▶ [THE INPUT]:
━━━━━━━━━━━━━━━━
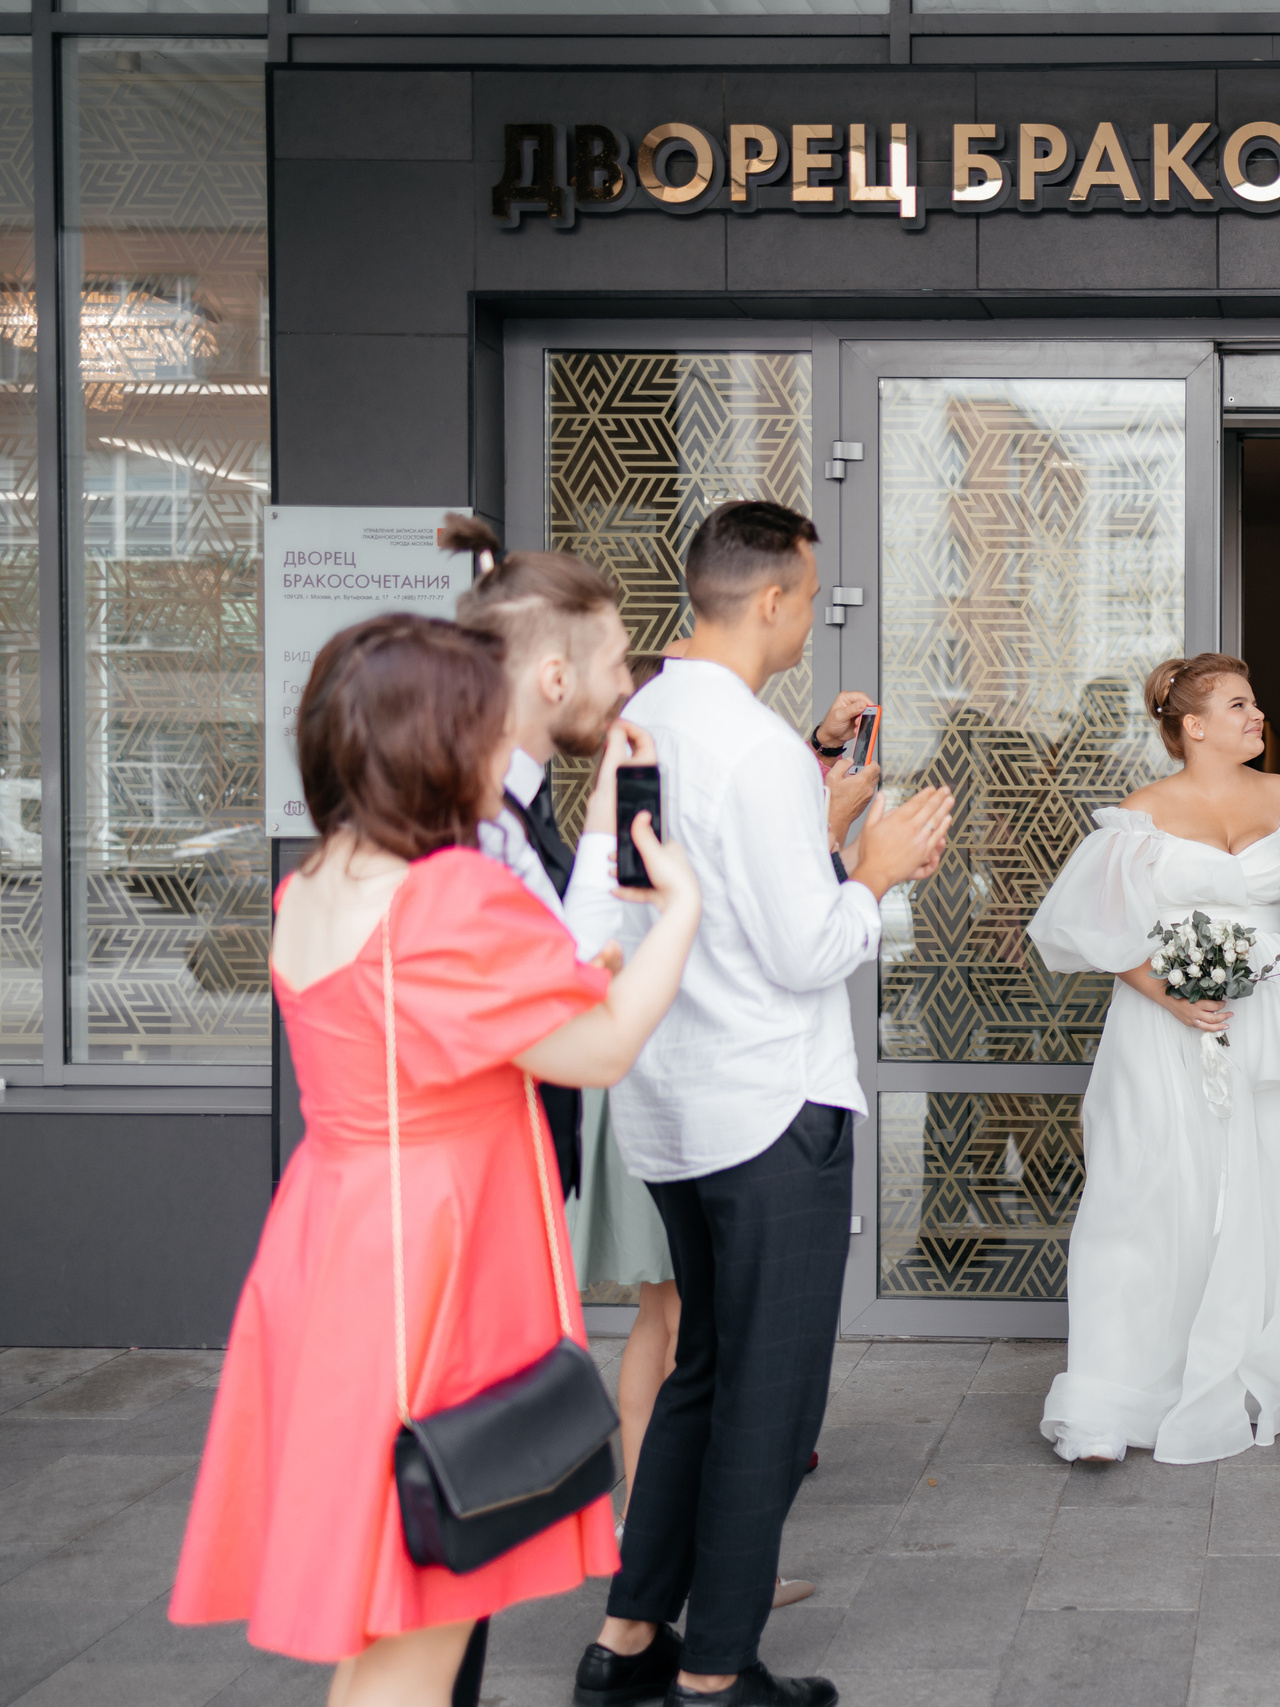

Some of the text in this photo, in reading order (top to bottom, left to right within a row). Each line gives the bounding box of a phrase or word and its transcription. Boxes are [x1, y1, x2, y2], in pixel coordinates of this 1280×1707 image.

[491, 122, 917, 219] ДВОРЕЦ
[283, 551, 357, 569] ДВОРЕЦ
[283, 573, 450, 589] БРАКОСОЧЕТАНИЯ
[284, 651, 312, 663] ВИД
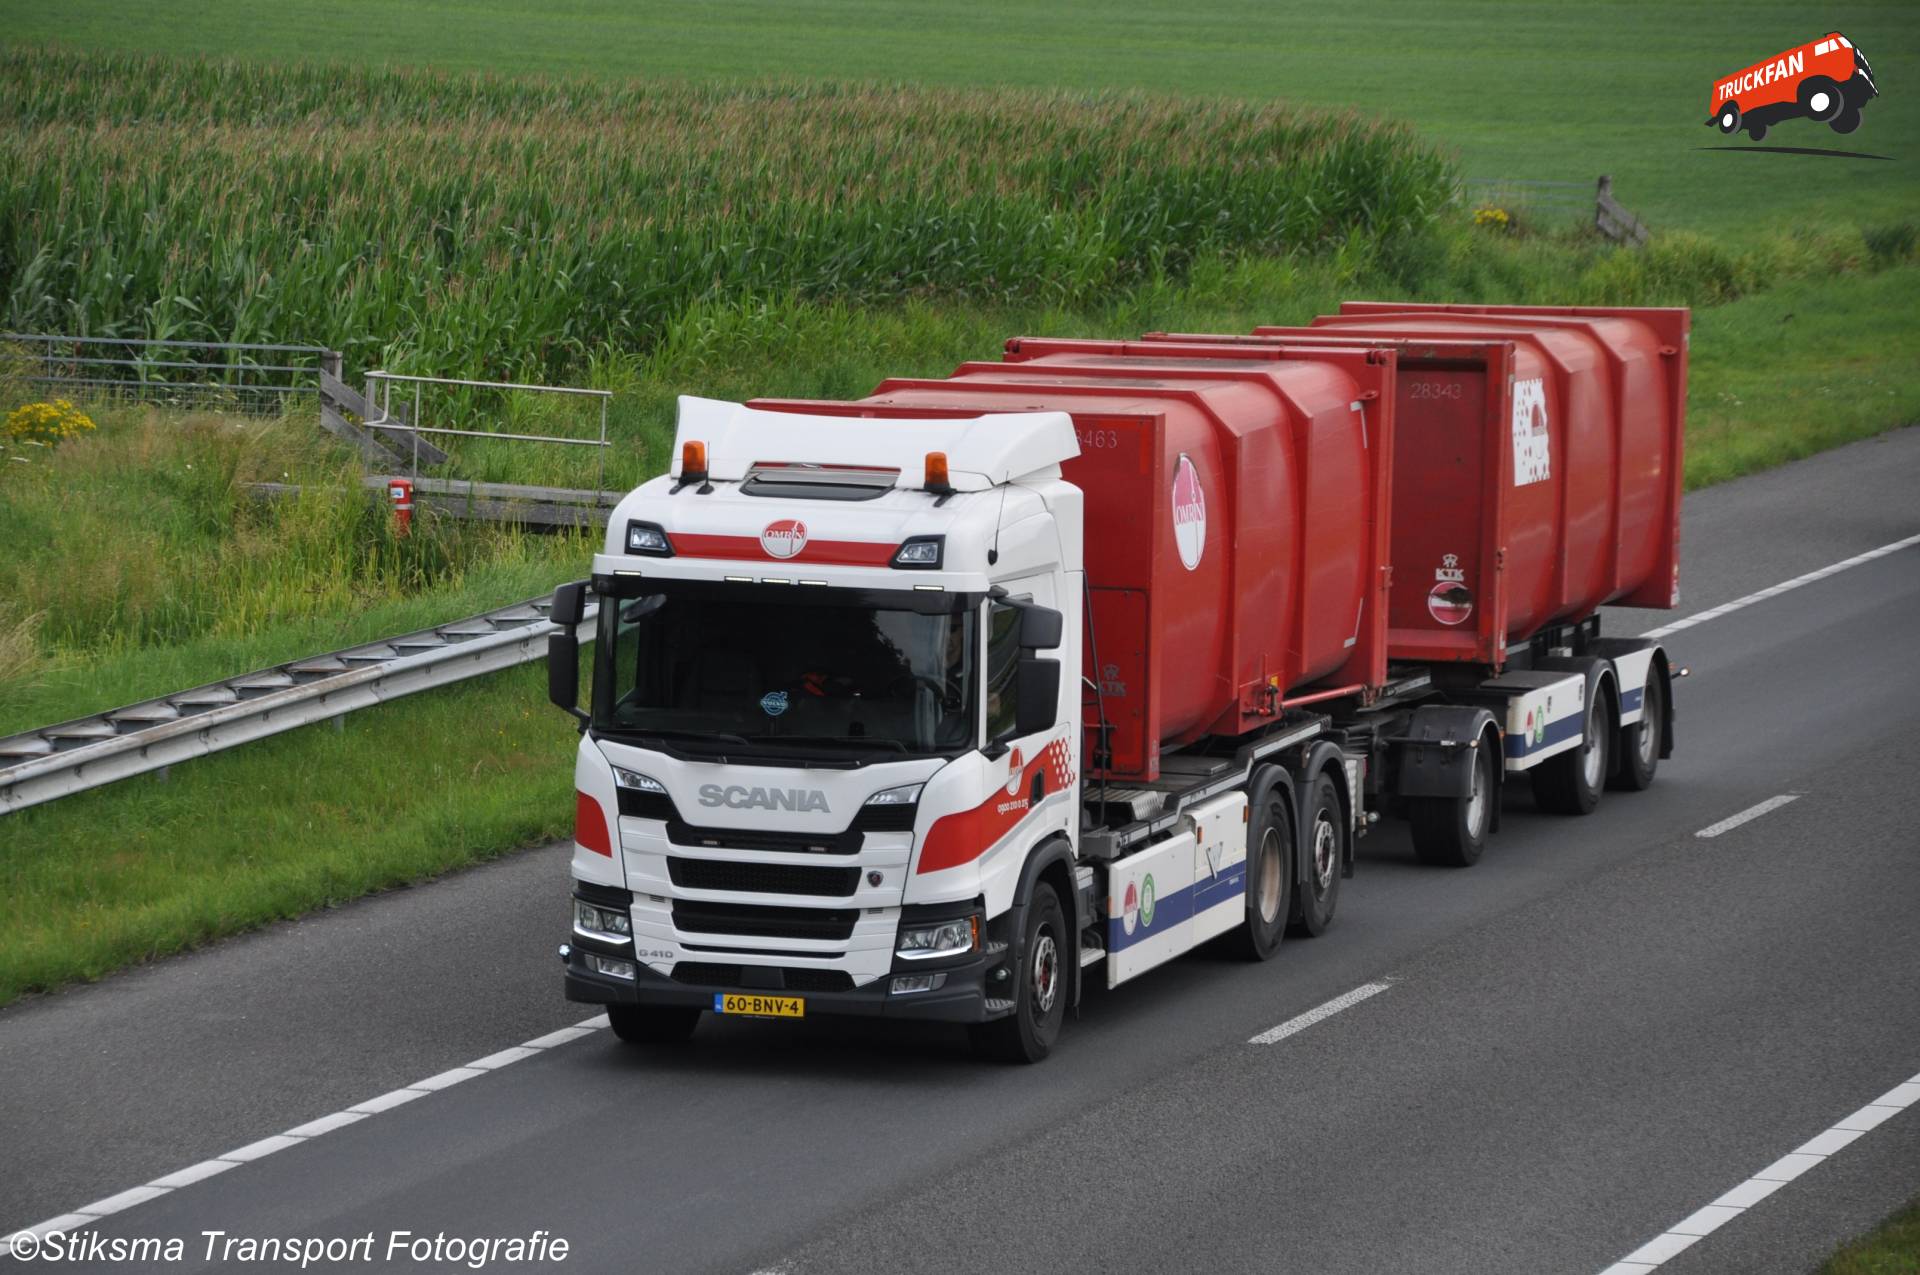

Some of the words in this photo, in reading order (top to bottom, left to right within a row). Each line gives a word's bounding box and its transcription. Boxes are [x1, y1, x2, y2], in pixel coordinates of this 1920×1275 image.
━━━━━━━━━━━━━━━━
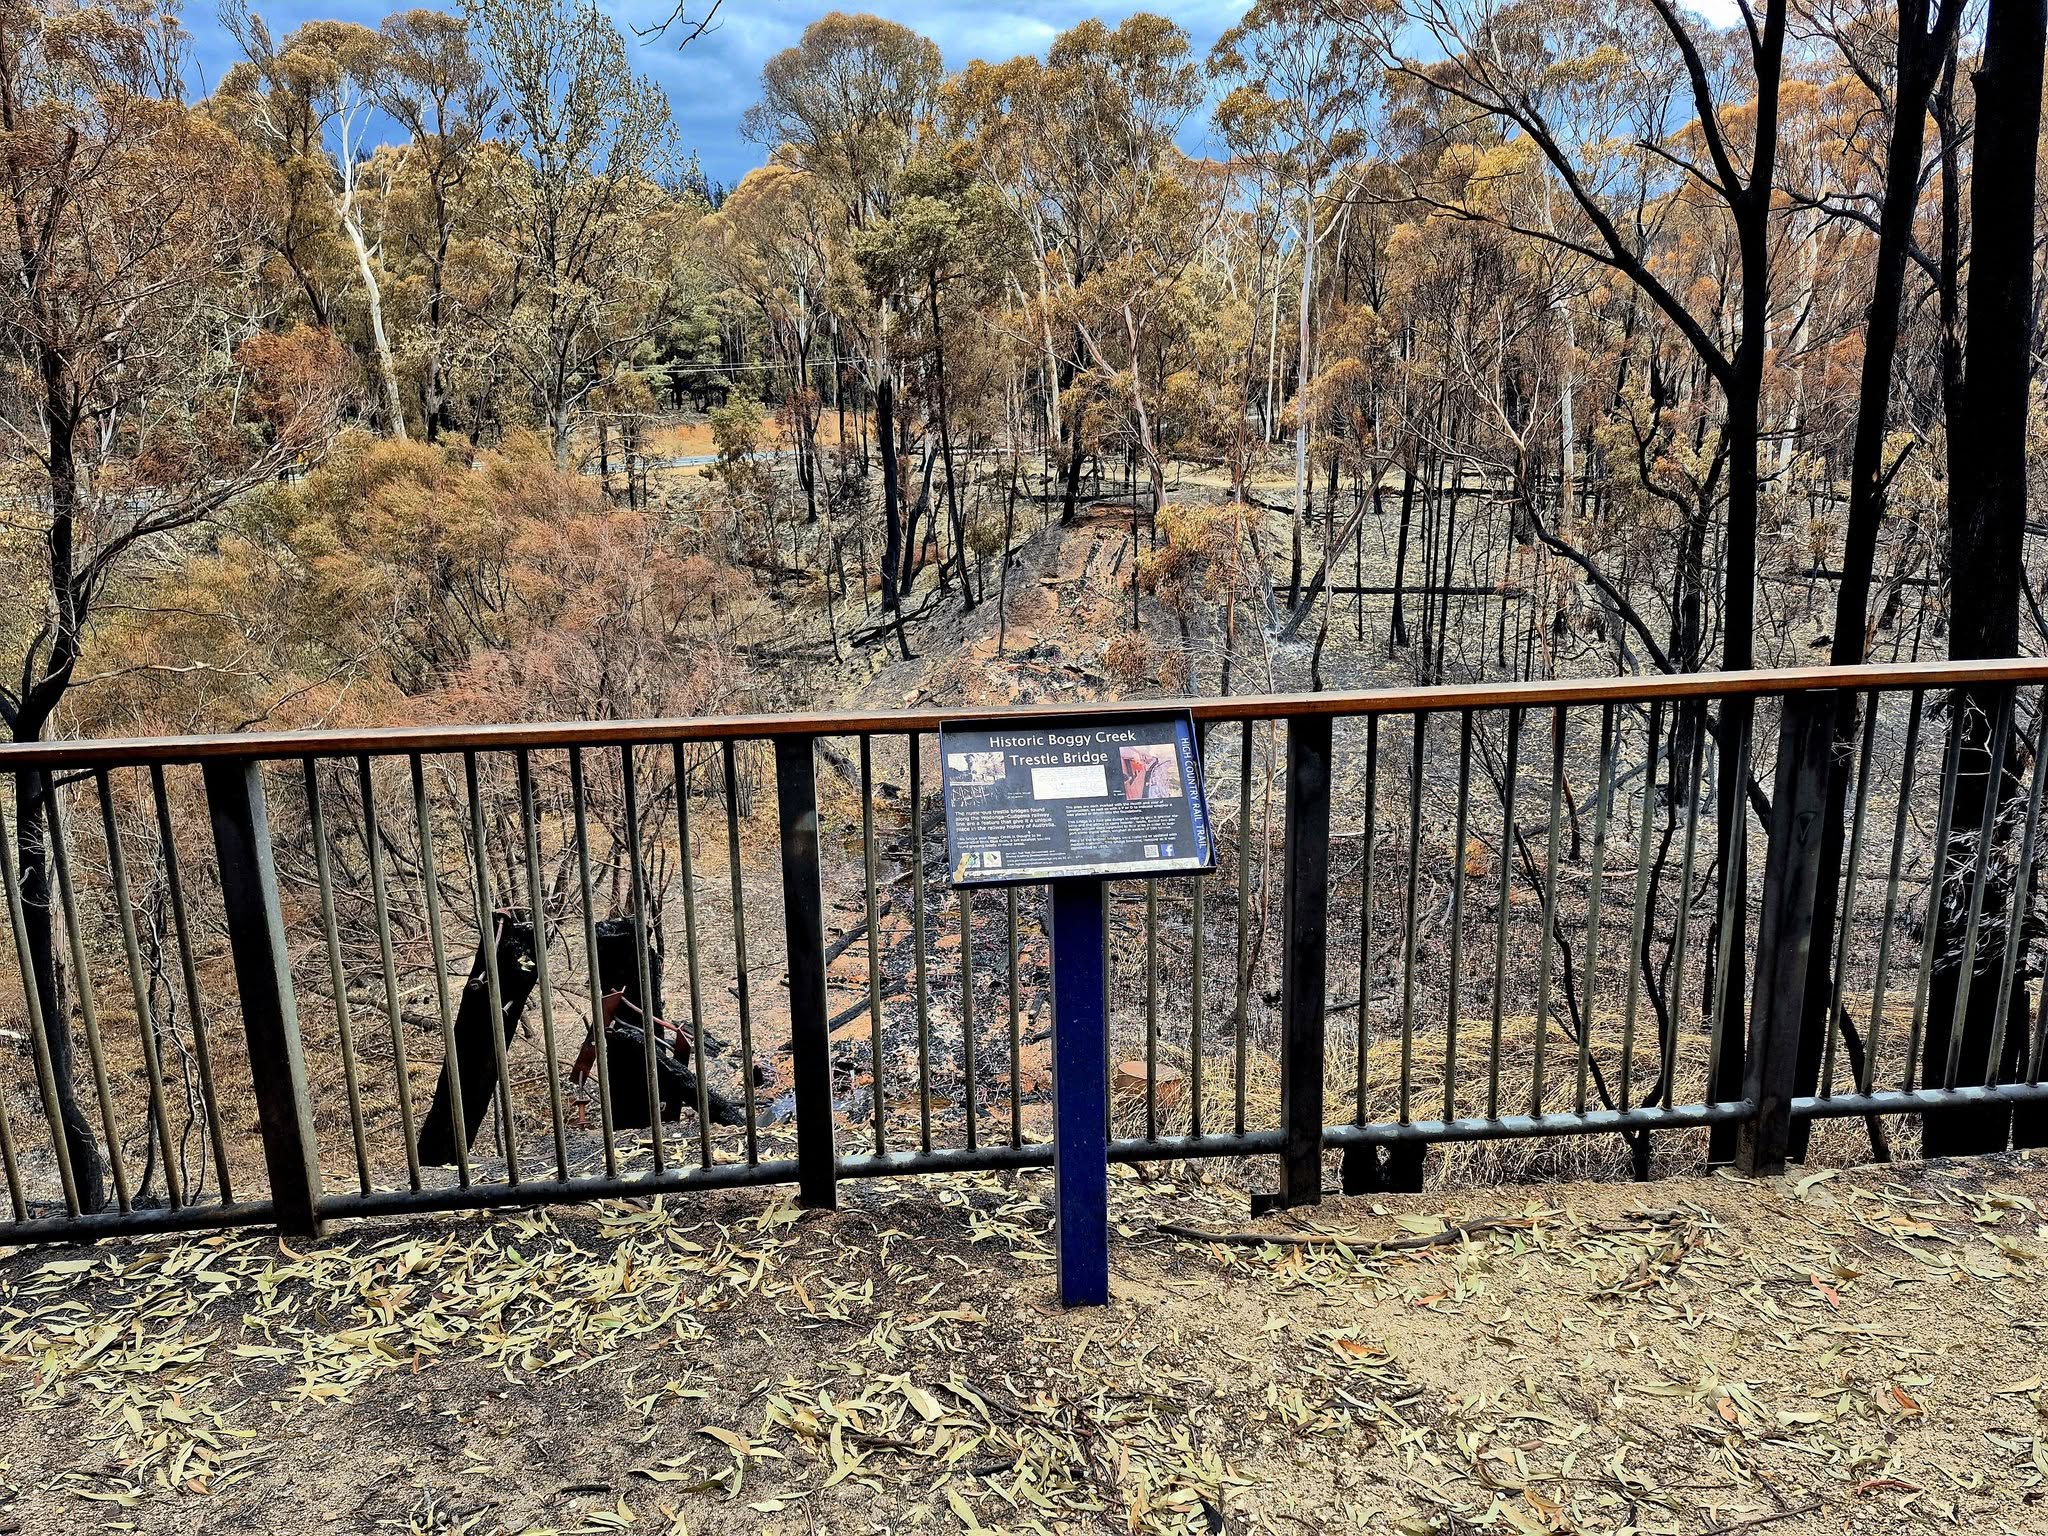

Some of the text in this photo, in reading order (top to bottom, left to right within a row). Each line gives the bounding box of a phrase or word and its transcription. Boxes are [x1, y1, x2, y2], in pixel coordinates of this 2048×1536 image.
━━━━━━━━━━━━━━━━
▶ [PROBLEM STATEMENT]:
Exactly as written above, retype the lines starting at the one holding "this 1280×1707 image." and ending at the one holding "Some of the words", both included, but not the pictures.

▶ [SOLUTION]:
Some of the text in this photo, in reading order (top to bottom, left to right within a row). Each line gives the bounding box of a phrase or word and its transcription. Boxes are [x1, y1, x2, y2], in pixel coordinates of this 1280×1707 image.

[491, 122, 917, 219] ДВОРЕЦ
[283, 551, 357, 569] ДВОРЕЦ
[283, 573, 450, 589] БРАКОСОЧЕТАНИЯ
[284, 651, 312, 663] ВИД

Some of the words in this photo, in reading order (top to bottom, left to right within a row). Each line gives a word's bounding box and its transcription. Boxes are [x1, y1, x2, y2], in pixel coordinates of this 1920×1275 image.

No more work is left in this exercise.